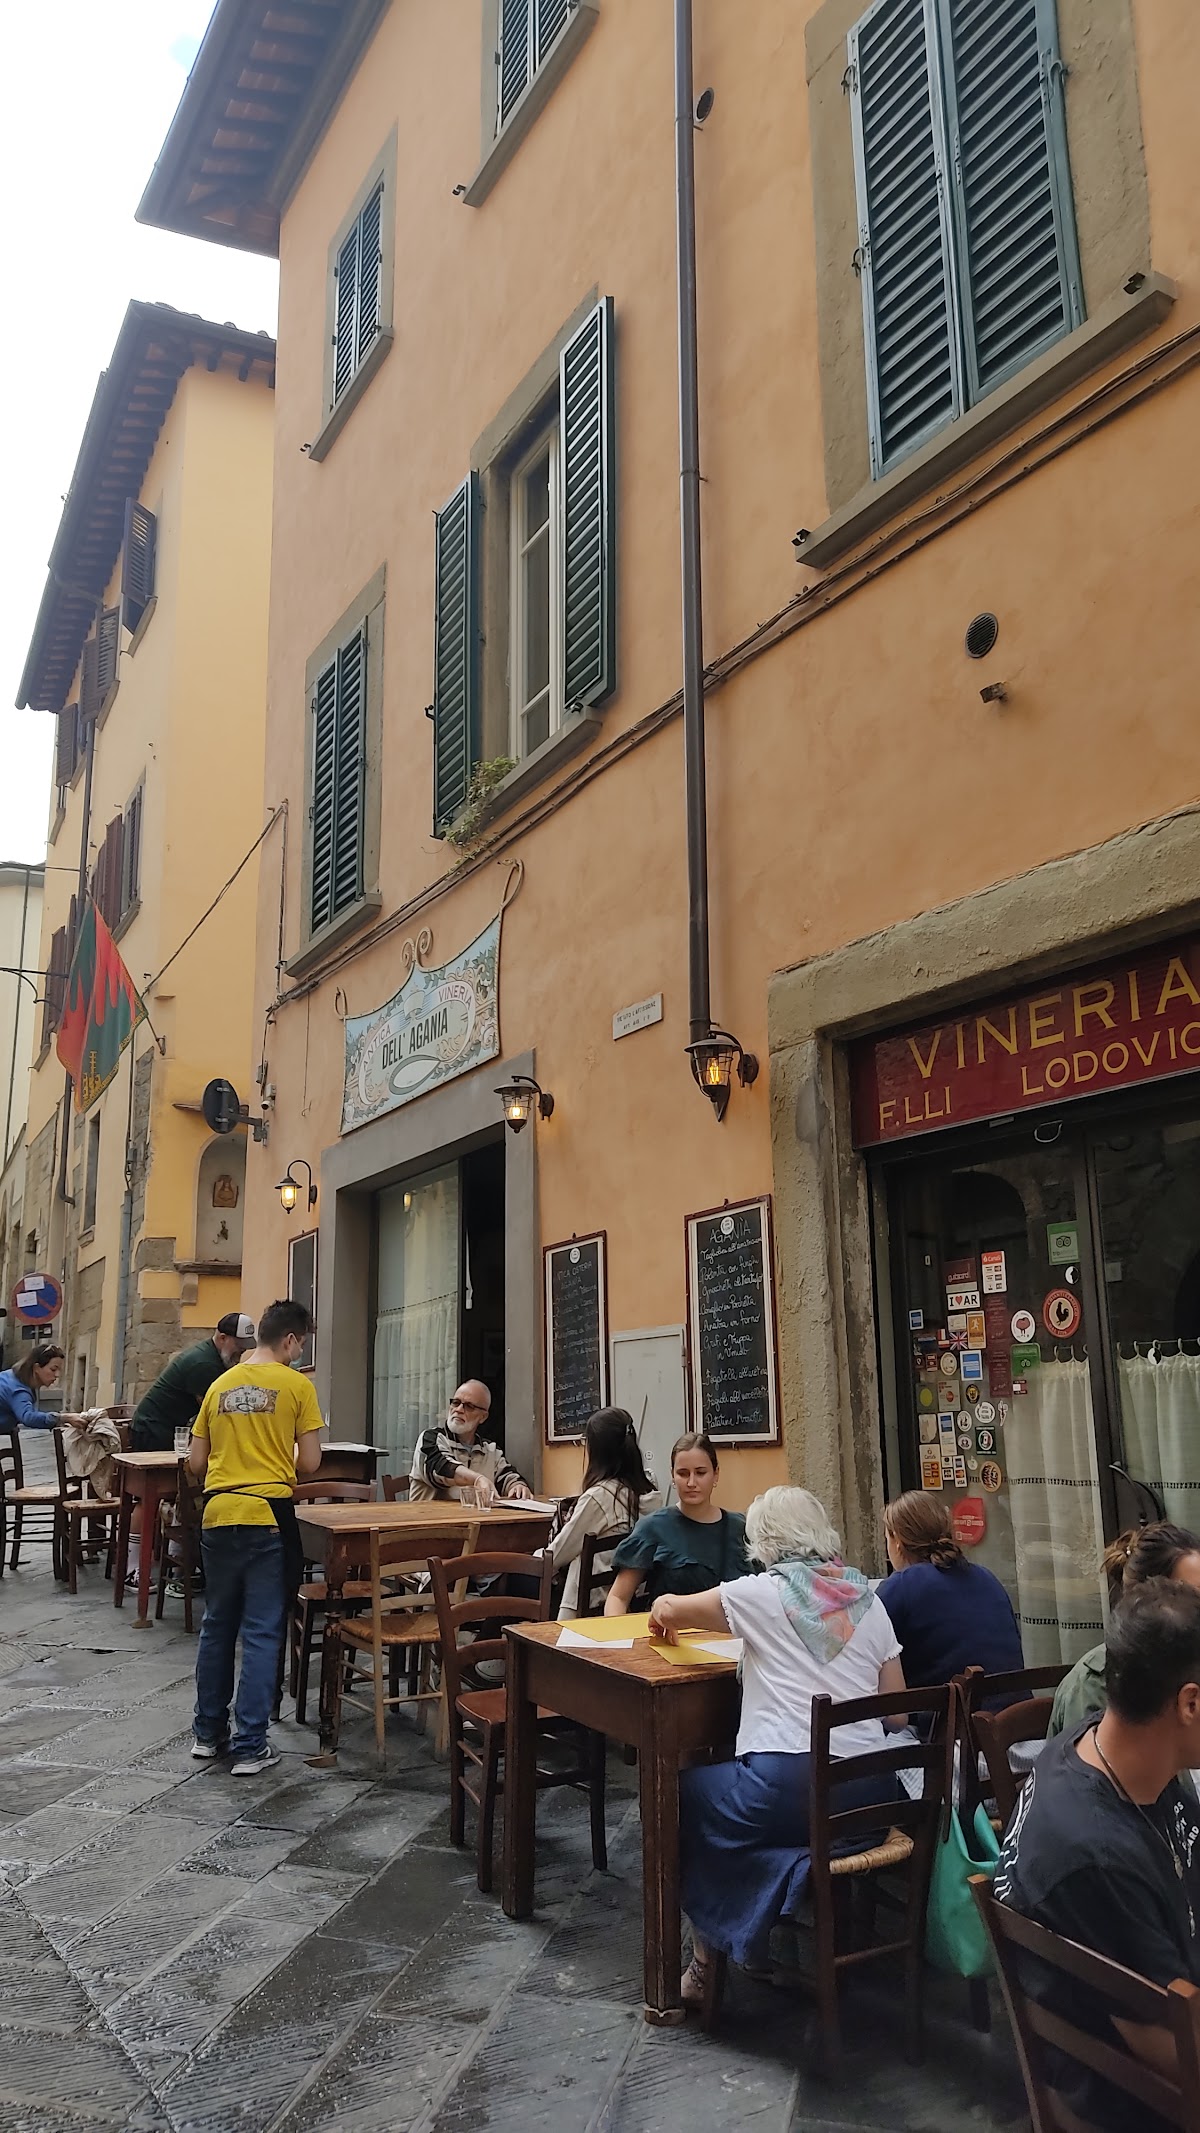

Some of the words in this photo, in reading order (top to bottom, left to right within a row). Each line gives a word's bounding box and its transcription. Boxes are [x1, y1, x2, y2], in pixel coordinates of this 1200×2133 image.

[438, 984, 472, 1010] VINERIA
[906, 956, 1200, 1079] VINERIA
[363, 1024, 391, 1068] ANTICA
[381, 1032, 406, 1070] DELL'
[408, 1007, 448, 1055] AGANIA
[879, 1086, 952, 1131] F.LLI
[949, 1297, 955, 1307] I
[963, 1294, 978, 1306] AR
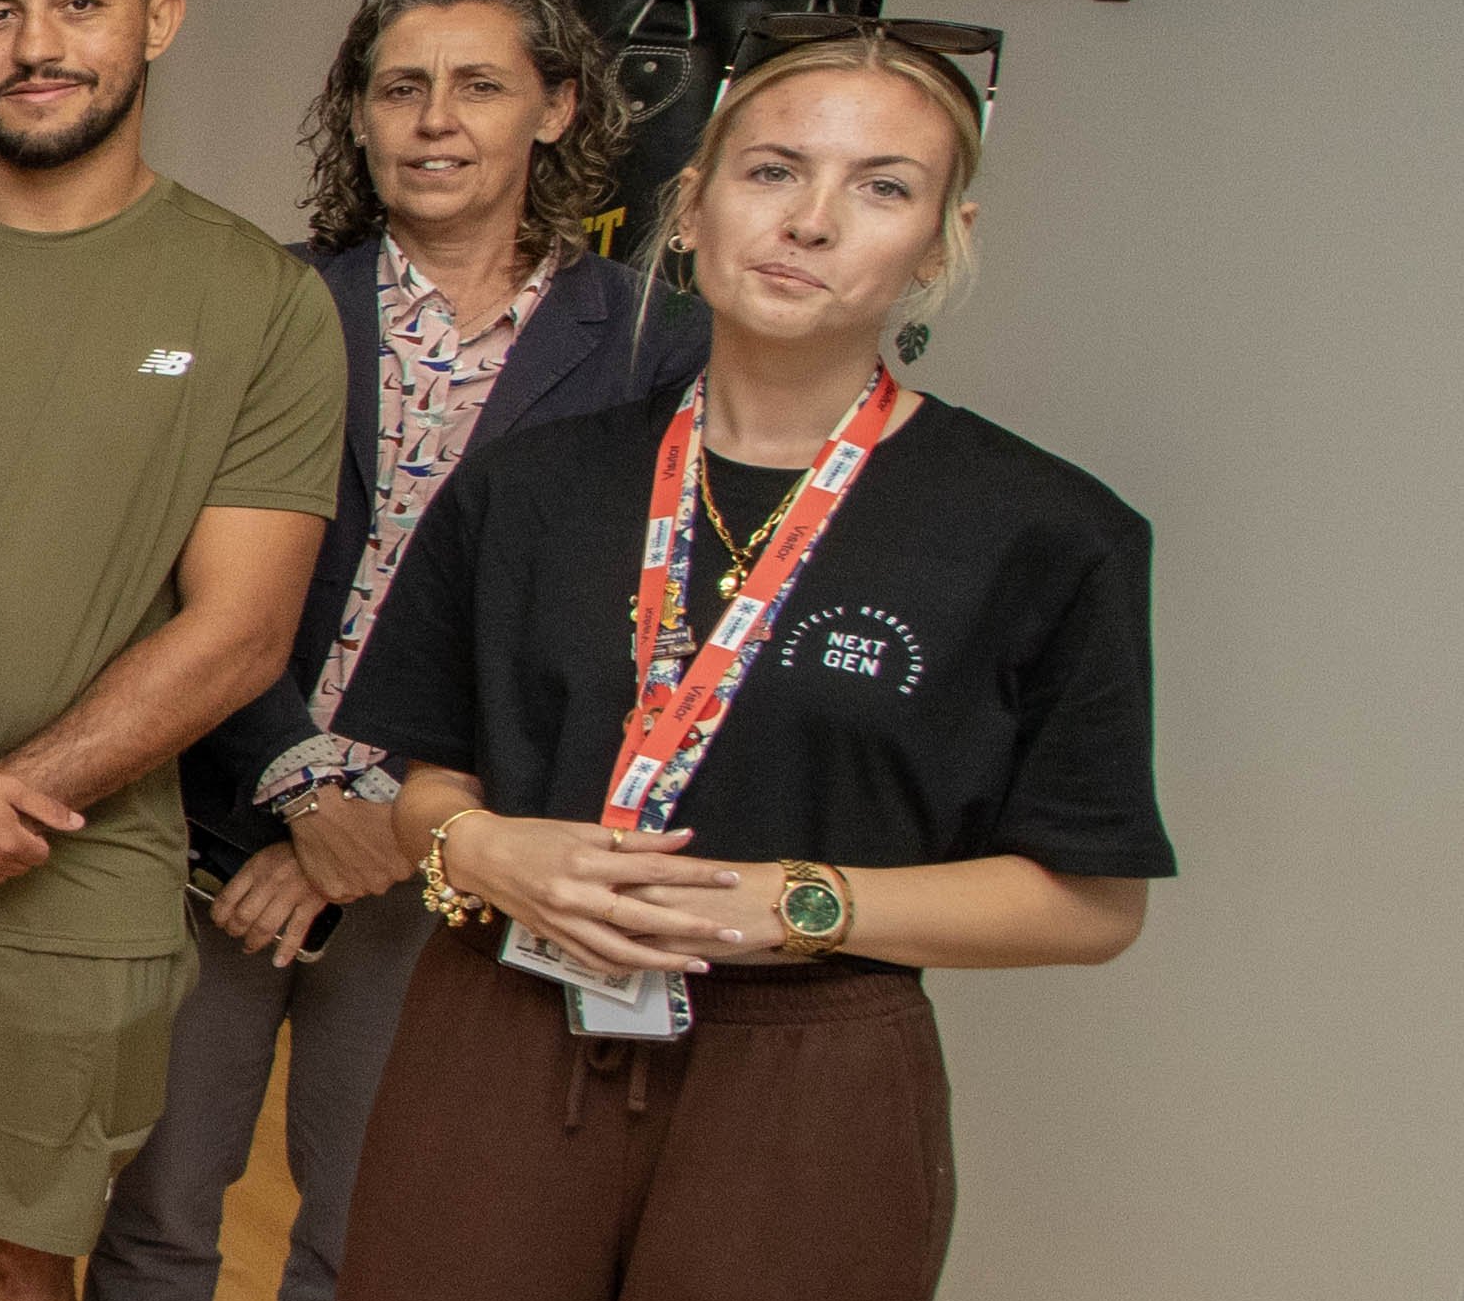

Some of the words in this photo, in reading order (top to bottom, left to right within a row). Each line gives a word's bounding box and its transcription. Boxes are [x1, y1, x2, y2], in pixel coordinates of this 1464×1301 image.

[776, 524, 809, 562] Visitor
[781, 605, 845, 667] POLITELY
[860, 605, 924, 695] REBELLIOUS
[826, 631, 889, 656] NEXT
[821, 649, 881, 677] GEN
[673, 684, 707, 723] Visitor
-*-
Work order — Each record above needs to be copied exactly, with images left out.

Answer area —
Some of the words in this photo, in reading order (top to bottom, left to right within a row). Each line gives a word's bounding box and its transcription. Boxes are [x1, y1, x2, y2], in pixel coordinates of this 1200×2133 image.

[438, 984, 472, 1010] VINERIA
[906, 956, 1200, 1079] VINERIA
[363, 1024, 391, 1068] ANTICA
[381, 1032, 406, 1070] DELL'
[408, 1007, 448, 1055] AGANIA
[879, 1086, 952, 1131] F.LLI
[949, 1297, 955, 1307] I
[963, 1294, 978, 1306] AR

Some of the words in this photo, in reading order (top to bottom, left to right within a row). Each line gives a word's bounding box and its transcription. Boxes are [x1, y1, x2, y2], in pixel coordinates of this 1464×1301 image.

[776, 524, 809, 562] Visitor
[781, 605, 845, 667] POLITELY
[860, 605, 924, 695] REBELLIOUS
[826, 631, 889, 656] NEXT
[821, 649, 881, 677] GEN
[673, 684, 707, 723] Visitor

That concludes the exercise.